_Activity_
Transcribe all the lines below exactly. Omit the pictures.
============================================================
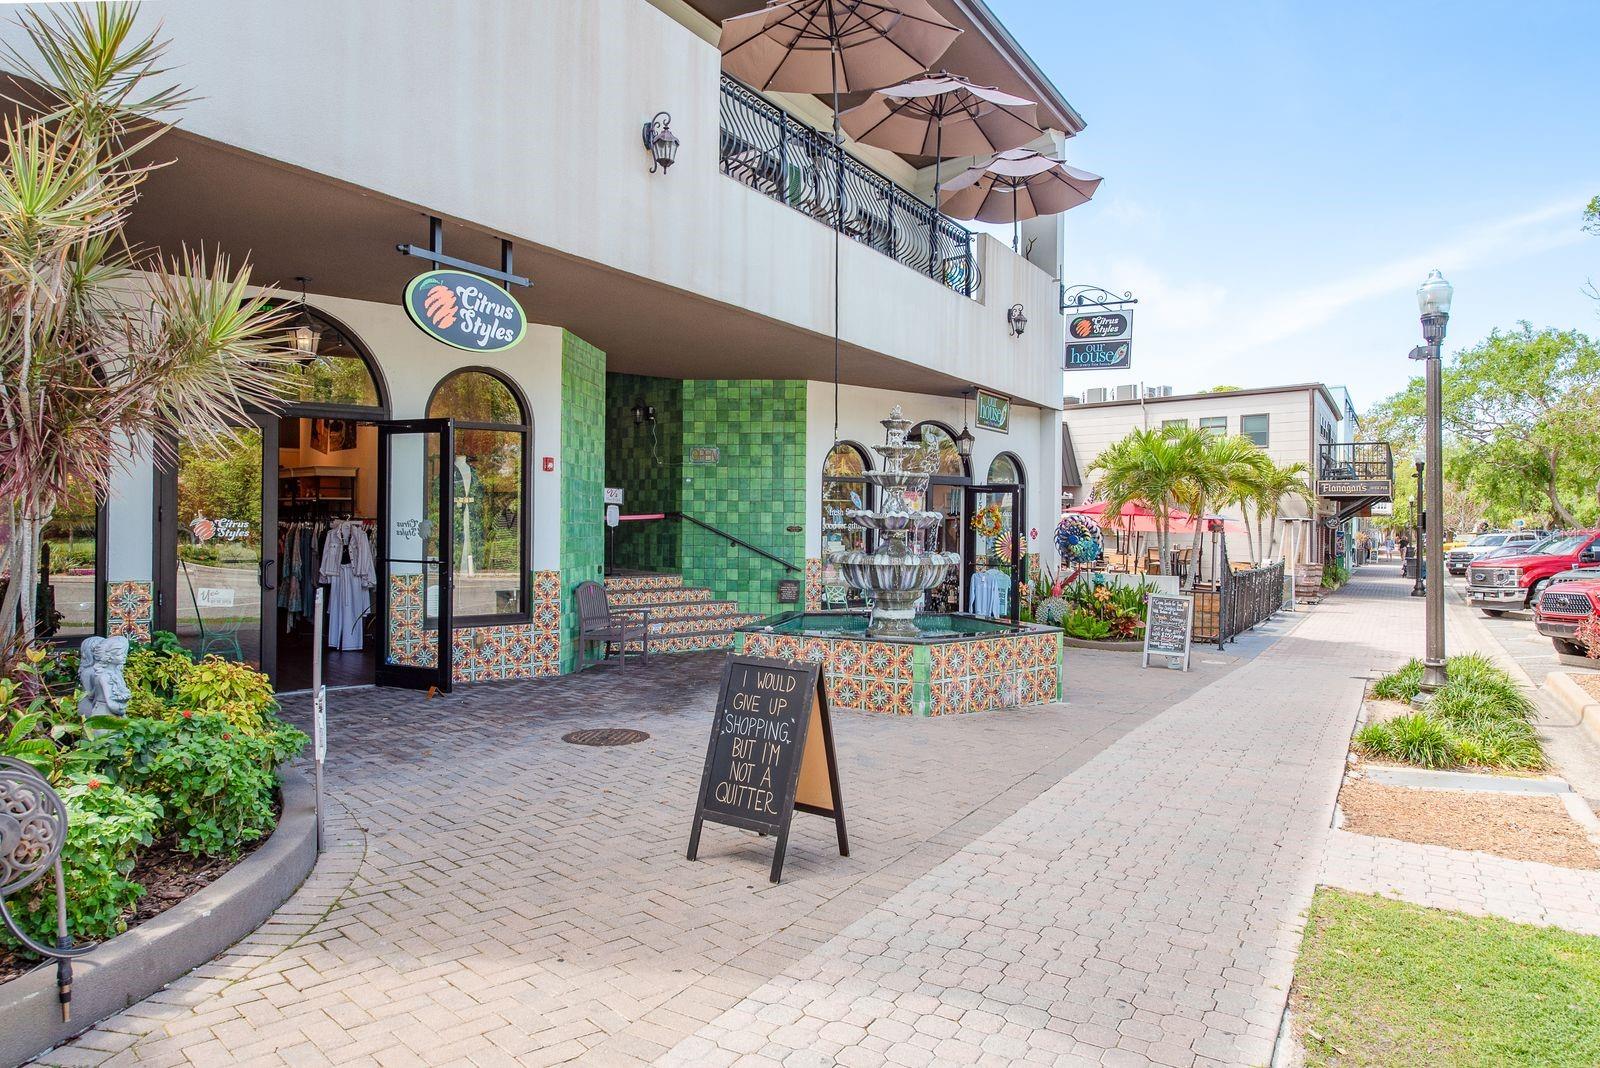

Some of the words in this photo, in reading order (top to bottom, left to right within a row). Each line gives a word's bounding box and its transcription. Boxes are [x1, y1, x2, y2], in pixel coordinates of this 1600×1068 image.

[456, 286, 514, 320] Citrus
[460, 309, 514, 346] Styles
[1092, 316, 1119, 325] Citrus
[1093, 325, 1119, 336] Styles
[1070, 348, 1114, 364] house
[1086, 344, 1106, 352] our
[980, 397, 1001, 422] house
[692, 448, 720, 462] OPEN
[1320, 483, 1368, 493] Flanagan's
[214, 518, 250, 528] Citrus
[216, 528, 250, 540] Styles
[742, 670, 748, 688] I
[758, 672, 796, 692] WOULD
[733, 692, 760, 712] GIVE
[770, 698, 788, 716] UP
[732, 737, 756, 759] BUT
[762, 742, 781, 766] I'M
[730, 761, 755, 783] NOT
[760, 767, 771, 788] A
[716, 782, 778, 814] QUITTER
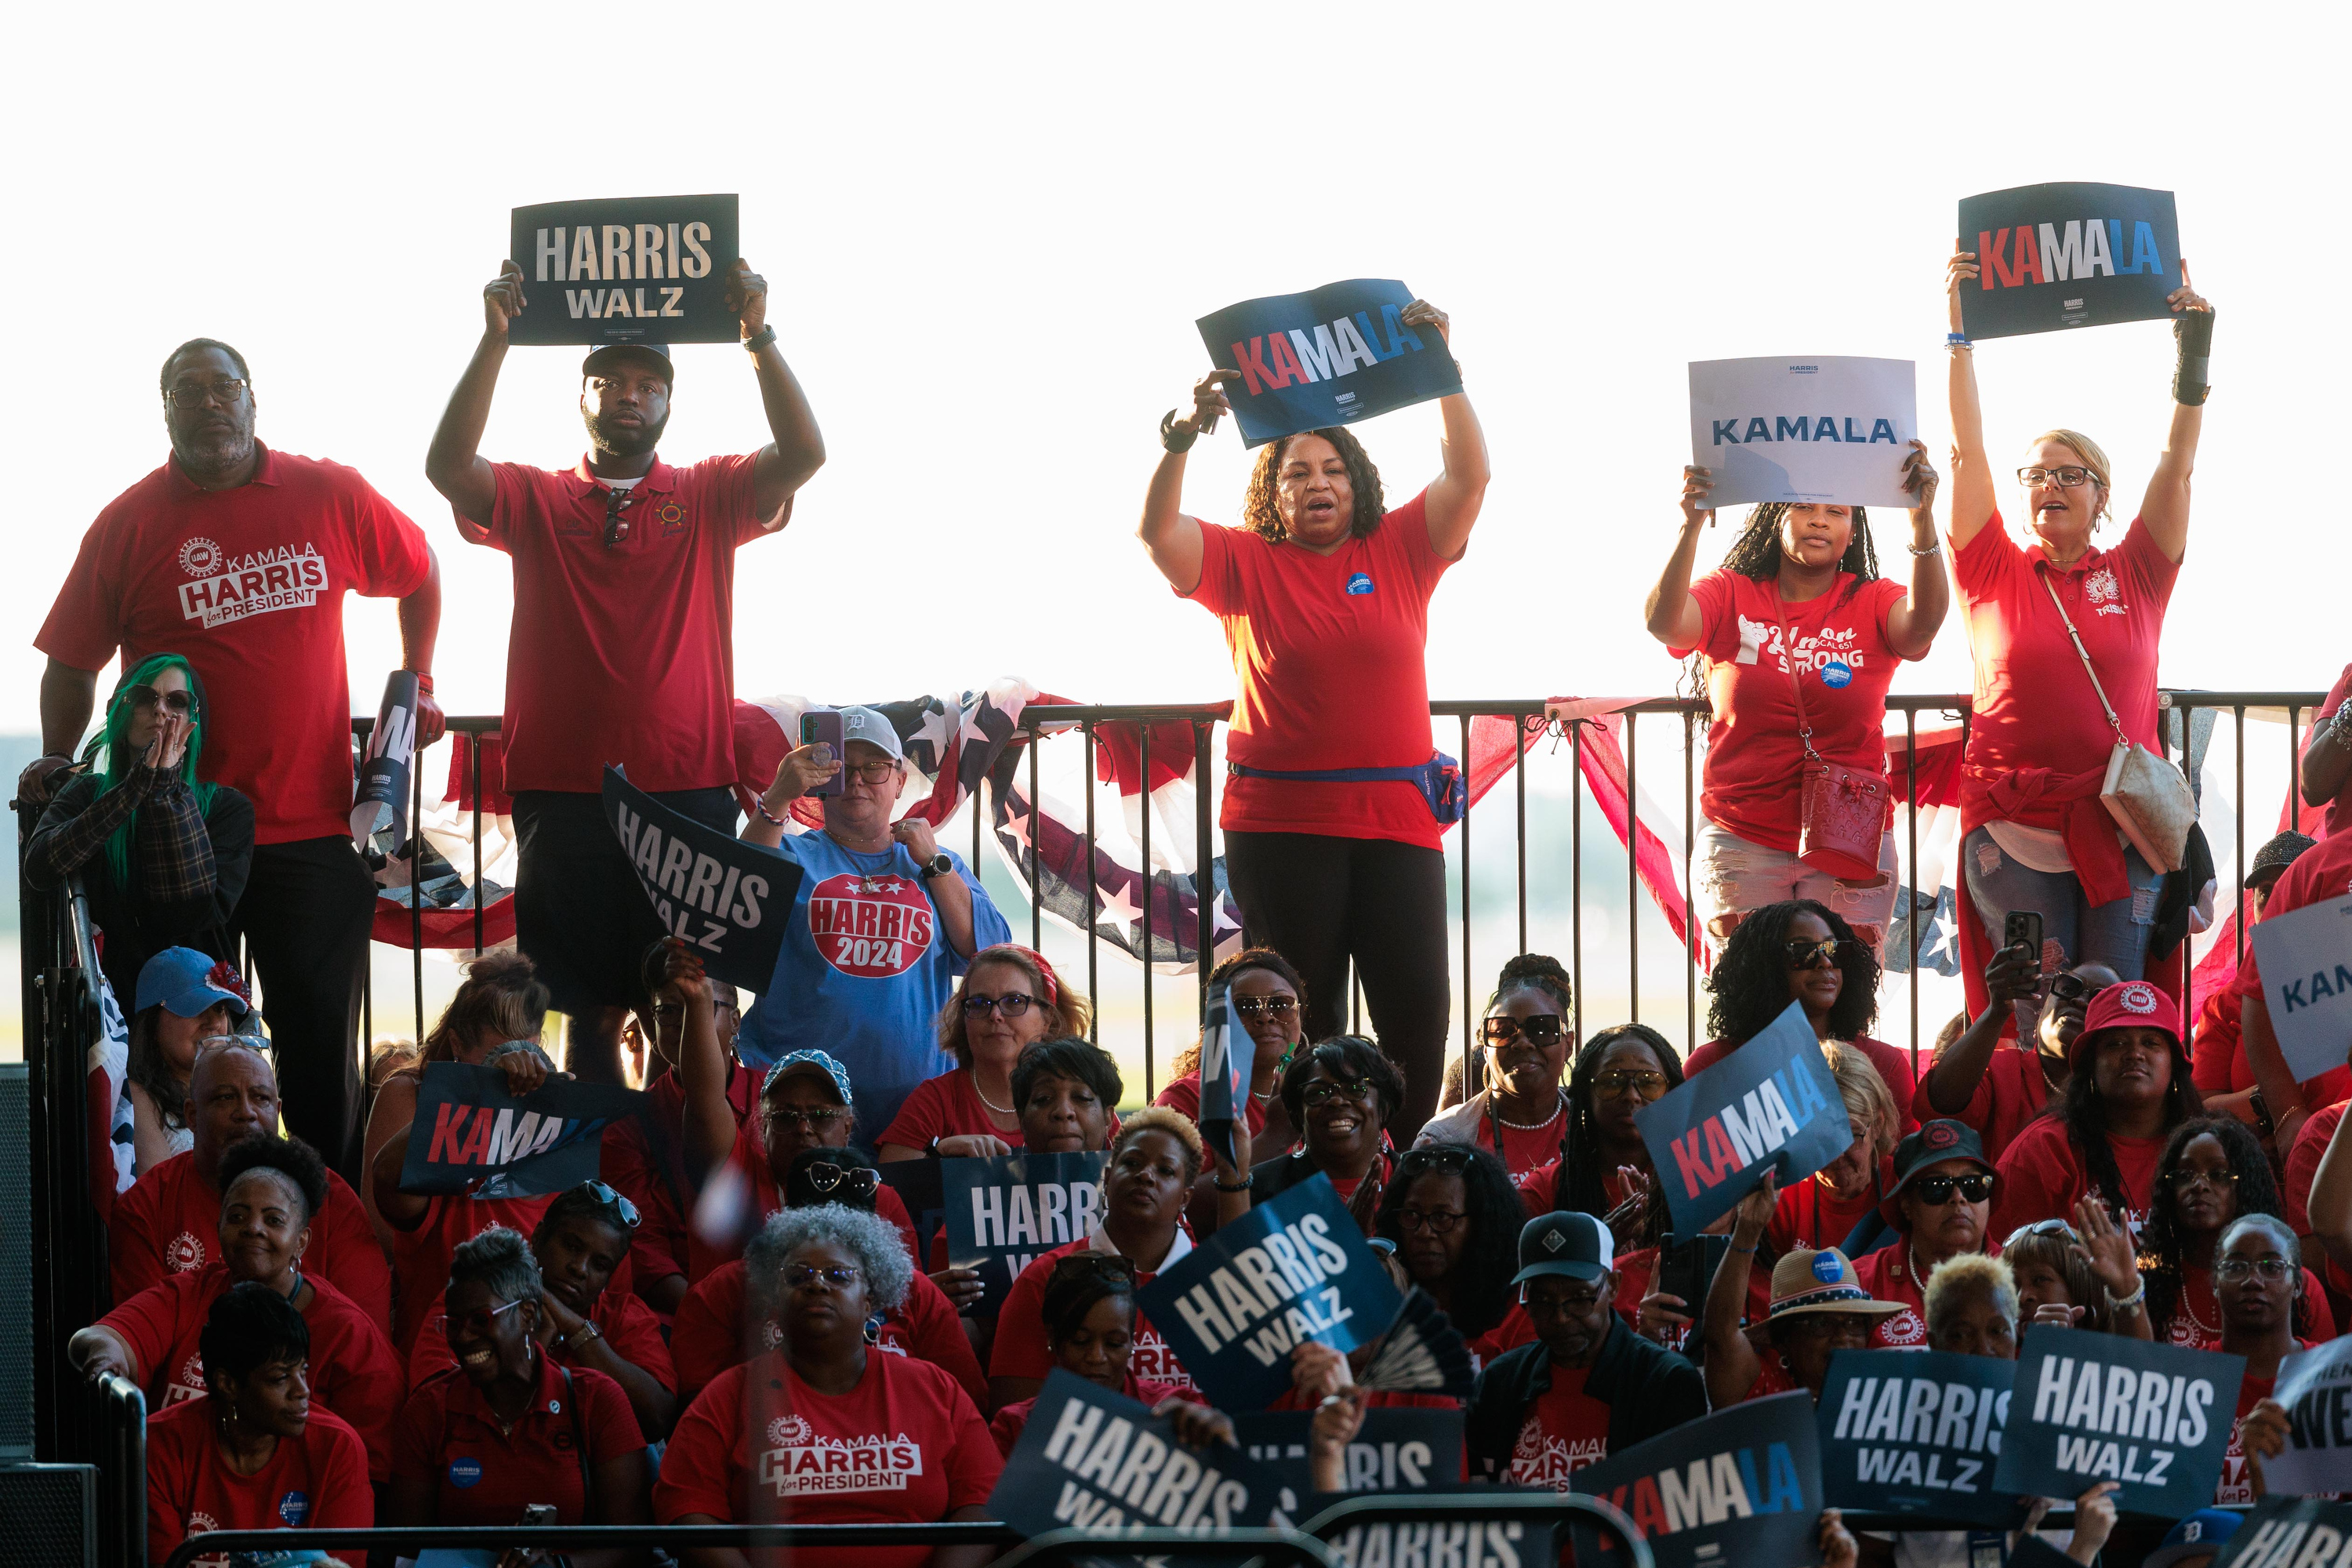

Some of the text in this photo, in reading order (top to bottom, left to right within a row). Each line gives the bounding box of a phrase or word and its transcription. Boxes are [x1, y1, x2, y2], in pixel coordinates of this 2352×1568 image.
============================================================
_Written answer_
Some of the words in this photo, in reading order (top to bottom, left to right within a row). Each line gives a word's bounding box and its transcription. Boxes are [x1, y1, x2, y2], in pixel coordinates of this 1600×1068 image.

[456, 286, 514, 320] Citrus
[460, 309, 514, 346] Styles
[1092, 316, 1119, 325] Citrus
[1093, 325, 1119, 336] Styles
[1070, 348, 1114, 364] house
[1086, 344, 1106, 352] our
[980, 397, 1001, 422] house
[692, 448, 720, 462] OPEN
[1320, 483, 1368, 493] Flanagan's
[214, 518, 250, 528] Citrus
[216, 528, 250, 540] Styles
[742, 670, 748, 688] I
[758, 672, 796, 692] WOULD
[733, 692, 760, 712] GIVE
[770, 698, 788, 716] UP
[732, 737, 756, 759] BUT
[762, 742, 781, 766] I'M
[730, 761, 755, 783] NOT
[760, 767, 771, 788] A
[716, 782, 778, 814] QUITTER

Some of the text in this photo, in reading order (top to bottom, left to right within a row). Each line gives the bounding box of a phrase or word and its transcription. Boxes are [x1, y1, x2, y2], in pixel coordinates of this 2352×1568 image.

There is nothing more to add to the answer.